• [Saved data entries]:
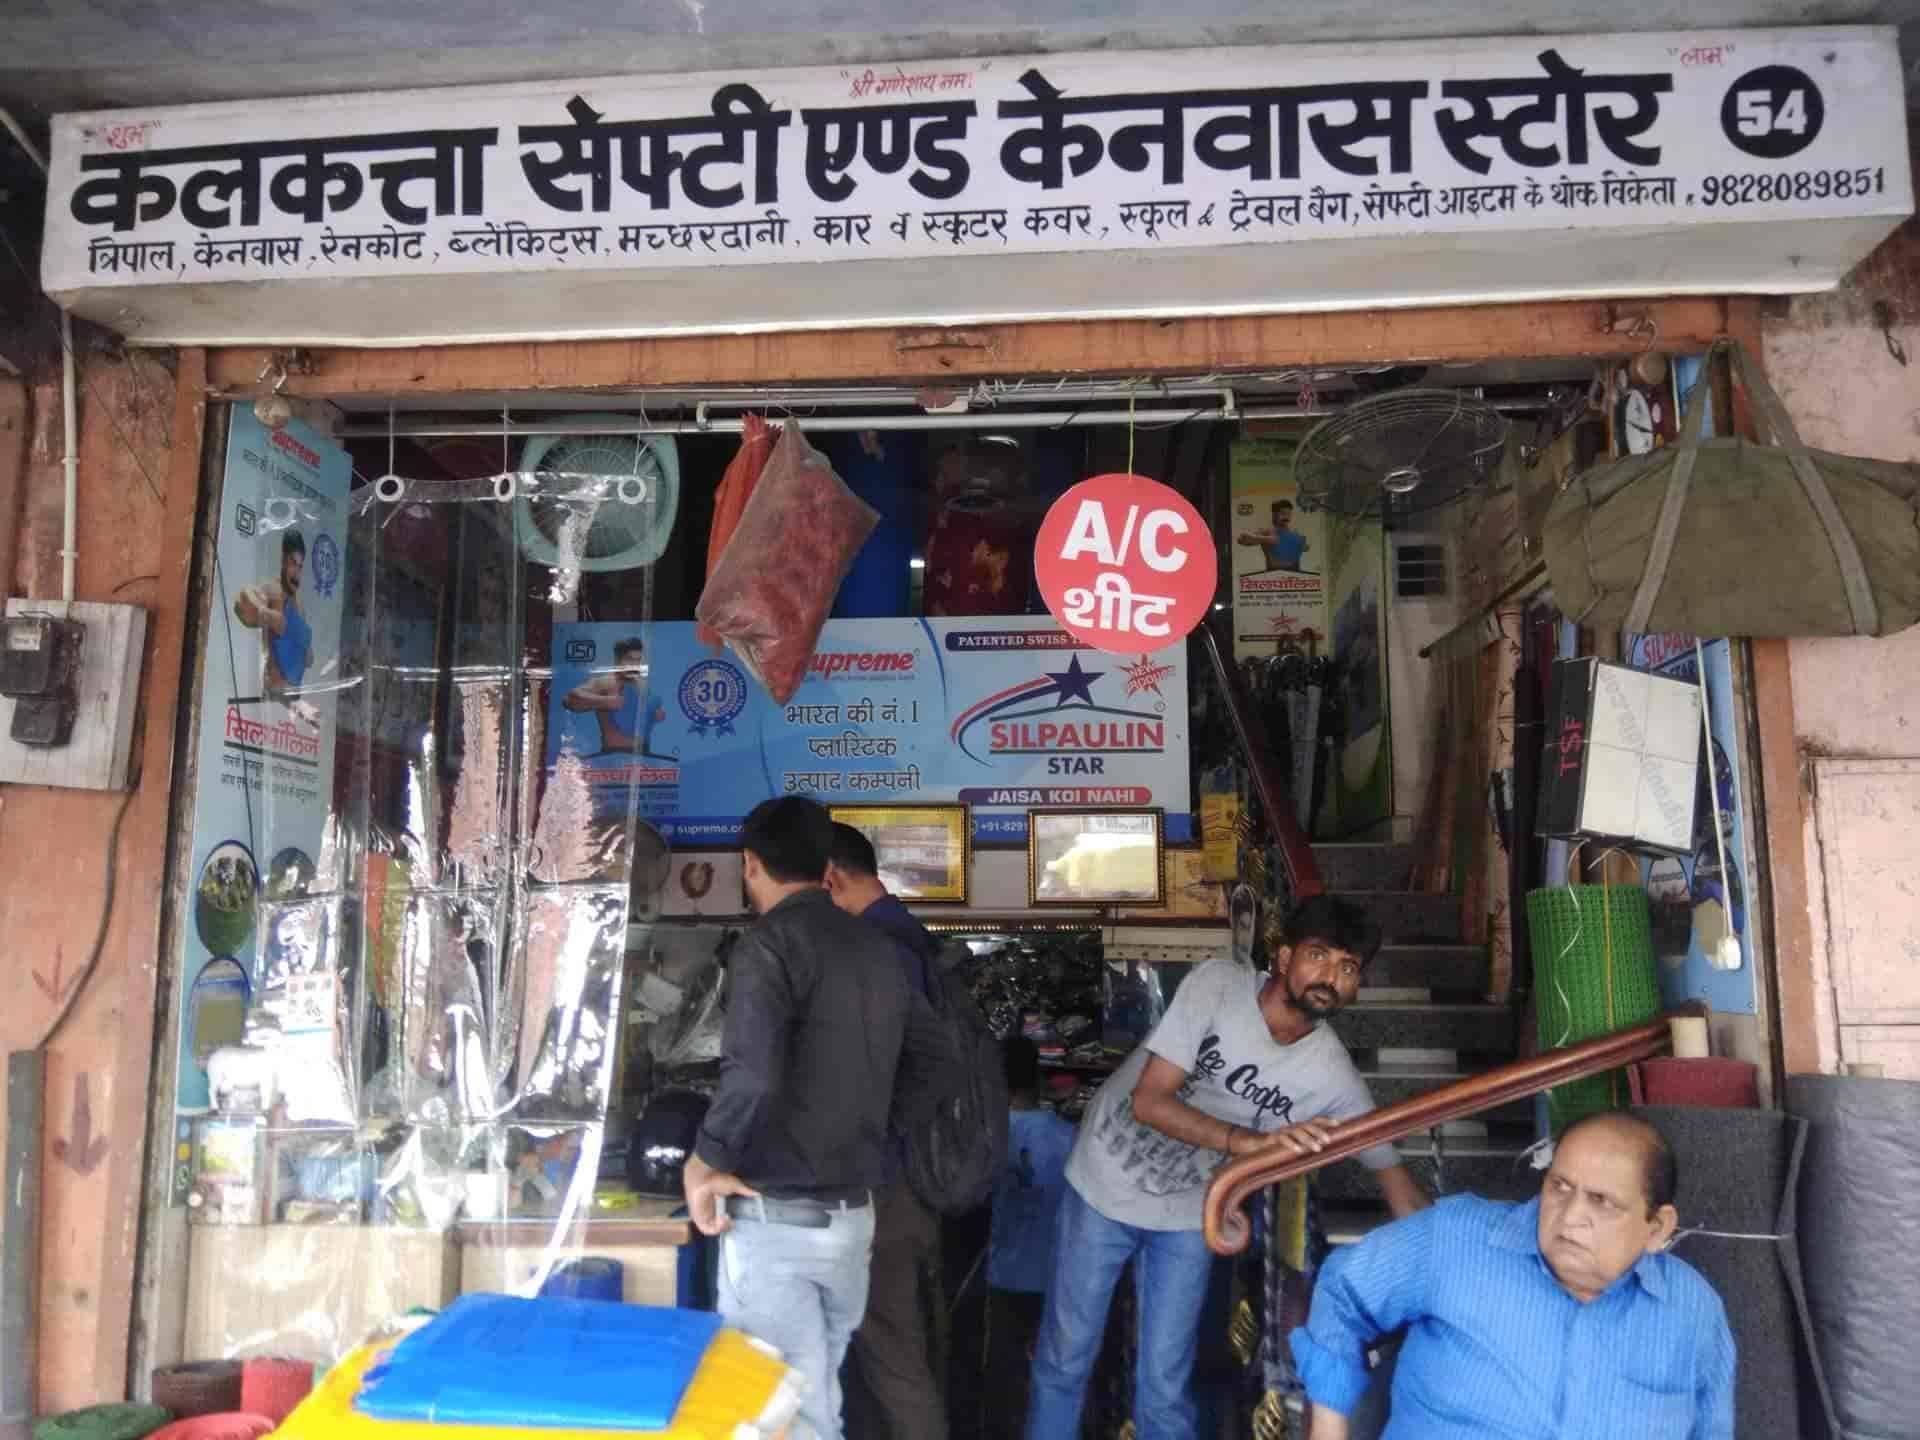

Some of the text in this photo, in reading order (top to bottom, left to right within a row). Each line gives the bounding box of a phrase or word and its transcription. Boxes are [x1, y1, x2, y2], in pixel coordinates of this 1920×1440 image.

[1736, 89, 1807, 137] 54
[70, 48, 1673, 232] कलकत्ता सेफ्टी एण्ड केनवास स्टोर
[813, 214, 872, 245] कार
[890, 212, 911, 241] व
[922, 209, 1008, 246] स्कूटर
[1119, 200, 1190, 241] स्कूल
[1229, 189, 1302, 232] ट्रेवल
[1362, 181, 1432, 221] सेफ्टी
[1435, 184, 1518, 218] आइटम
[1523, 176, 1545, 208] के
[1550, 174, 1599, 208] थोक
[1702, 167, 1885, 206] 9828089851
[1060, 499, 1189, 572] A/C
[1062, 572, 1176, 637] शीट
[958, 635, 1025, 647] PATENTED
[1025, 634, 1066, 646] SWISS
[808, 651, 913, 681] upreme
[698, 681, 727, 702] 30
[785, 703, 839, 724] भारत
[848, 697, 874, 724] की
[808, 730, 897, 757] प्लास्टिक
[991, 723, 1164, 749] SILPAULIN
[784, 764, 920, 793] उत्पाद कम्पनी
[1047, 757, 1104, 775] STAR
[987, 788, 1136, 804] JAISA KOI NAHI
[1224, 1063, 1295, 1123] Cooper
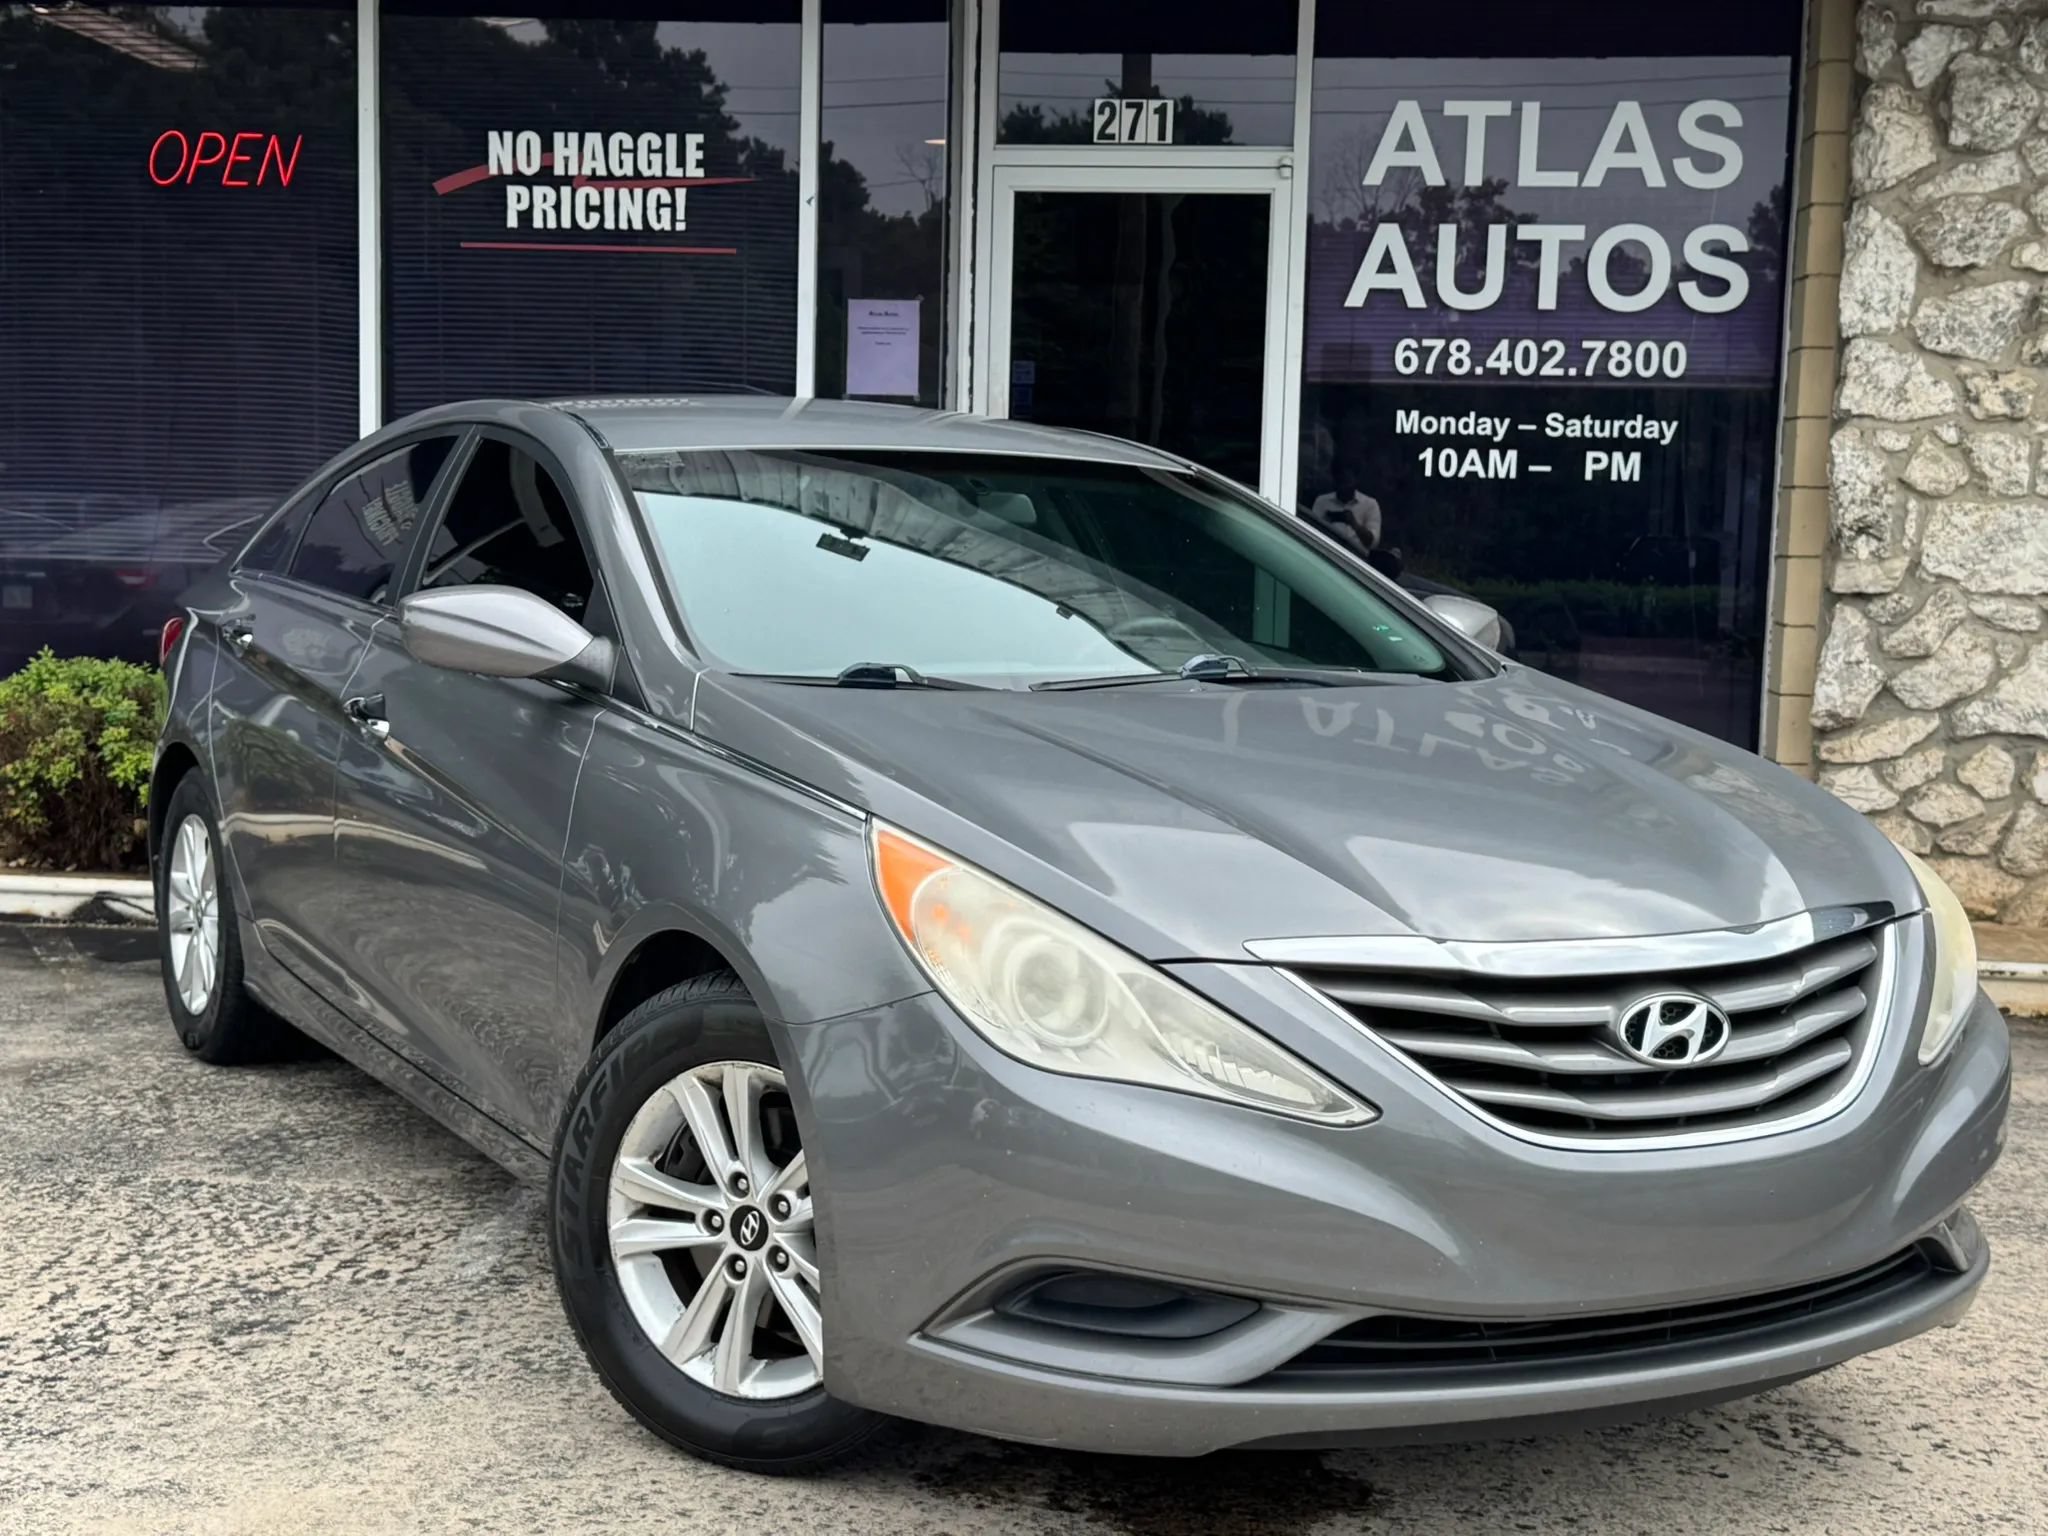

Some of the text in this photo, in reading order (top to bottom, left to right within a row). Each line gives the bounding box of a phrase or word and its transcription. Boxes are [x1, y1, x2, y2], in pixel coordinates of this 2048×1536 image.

• [Task objective]: Images are to be omitted; repeat the remaining data above exactly.

• [Response area]:
Some of the text in this photo, in reading order (top to bottom, left to right within a row). Each line gives the bounding box of a phrase or word and its transcription. Boxes are [x1, y1, x2, y2], in pixel coordinates of this 1920×1440 image.

[1736, 89, 1807, 137] 54
[70, 48, 1673, 232] कलकत्ता सेफ्टी एण्ड केनवास स्टोर
[813, 214, 872, 245] कार
[890, 212, 911, 241] व
[922, 209, 1008, 246] स्कूटर
[1119, 200, 1190, 241] स्कूल
[1229, 189, 1302, 232] ट्रेवल
[1362, 181, 1432, 221] सेफ्टी
[1435, 184, 1518, 218] आइटम
[1523, 176, 1545, 208] के
[1550, 174, 1599, 208] थोक
[1702, 167, 1885, 206] 9828089851
[1060, 499, 1189, 572] A/C
[1062, 572, 1176, 637] शीट
[958, 635, 1025, 647] PATENTED
[1025, 634, 1066, 646] SWISS
[808, 651, 913, 681] upreme
[698, 681, 727, 702] 30
[785, 703, 839, 724] भारत
[848, 697, 874, 724] की
[808, 730, 897, 757] प्लास्टिक
[991, 723, 1164, 749] SILPAULIN
[784, 764, 920, 793] उत्पाद कम्पनी
[1047, 757, 1104, 775] STAR
[987, 788, 1136, 804] JAISA KOI NAHI
[1224, 1063, 1295, 1123] Cooper

Some of the text in this photo, in reading order (top to bottom, left to right within a row). Each line gives the bounding box of a phrase or word and its transcription. Boxes are [x1, y1, x2, y2], in pixel coordinates of this 2048×1536 image.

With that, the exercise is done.